[Dataset entries]
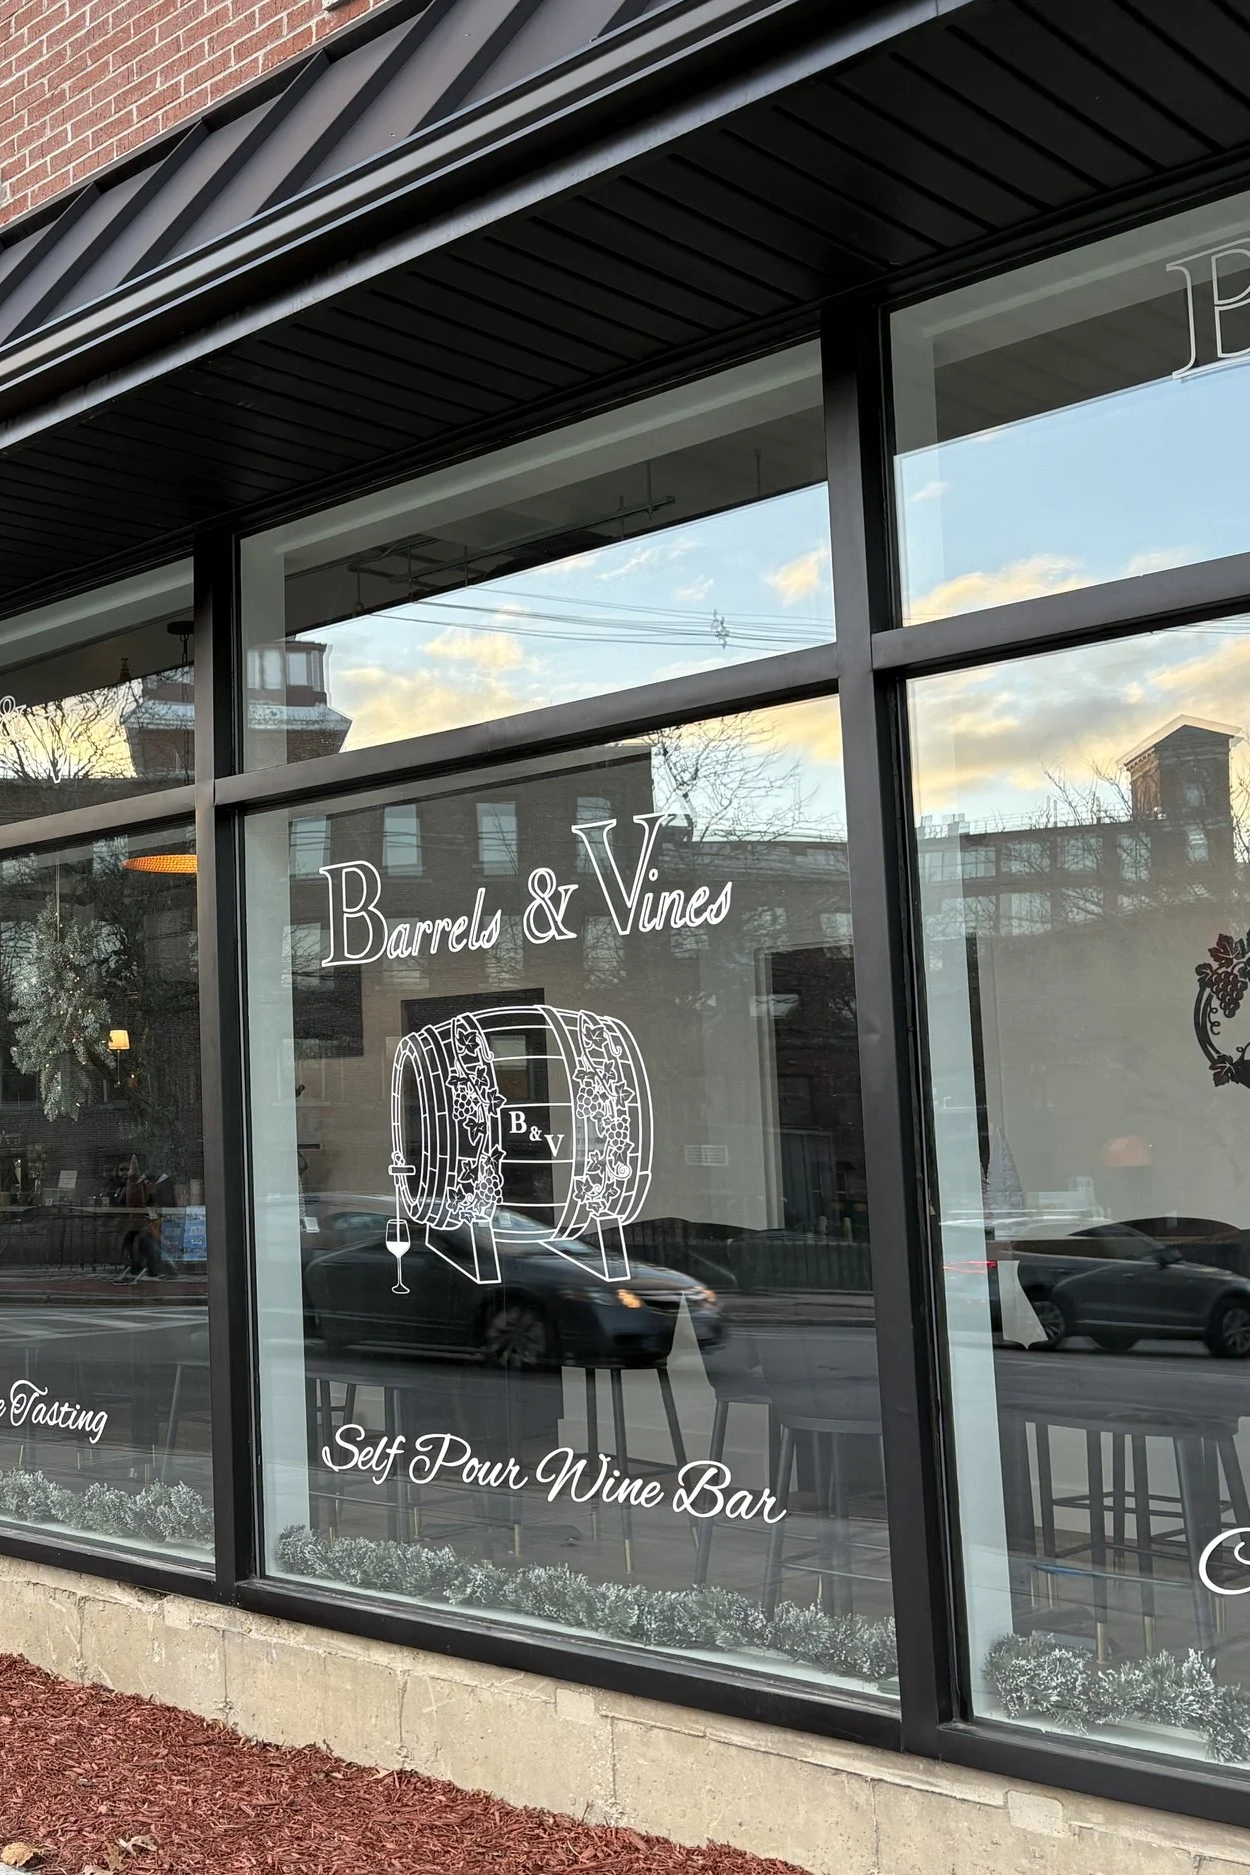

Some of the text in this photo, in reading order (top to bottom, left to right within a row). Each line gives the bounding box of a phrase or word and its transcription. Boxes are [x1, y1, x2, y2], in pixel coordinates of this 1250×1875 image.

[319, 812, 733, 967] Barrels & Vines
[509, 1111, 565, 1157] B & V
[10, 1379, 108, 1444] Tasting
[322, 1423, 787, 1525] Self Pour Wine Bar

#### What to work on
Give the records above again verbatim, pictures omitted.

#### Exercise response
Some of the text in this photo, in reading order (top to bottom, left to right within a row). Each line gives the bounding box of a phrase or word and its transcription. Boxes are [x1, y1, x2, y2], in pixel coordinates of this 1250×1875 image.

[319, 812, 733, 967] Barrels & Vines
[509, 1111, 565, 1157] B & V
[10, 1379, 108, 1444] Tasting
[322, 1423, 787, 1525] Self Pour Wine Bar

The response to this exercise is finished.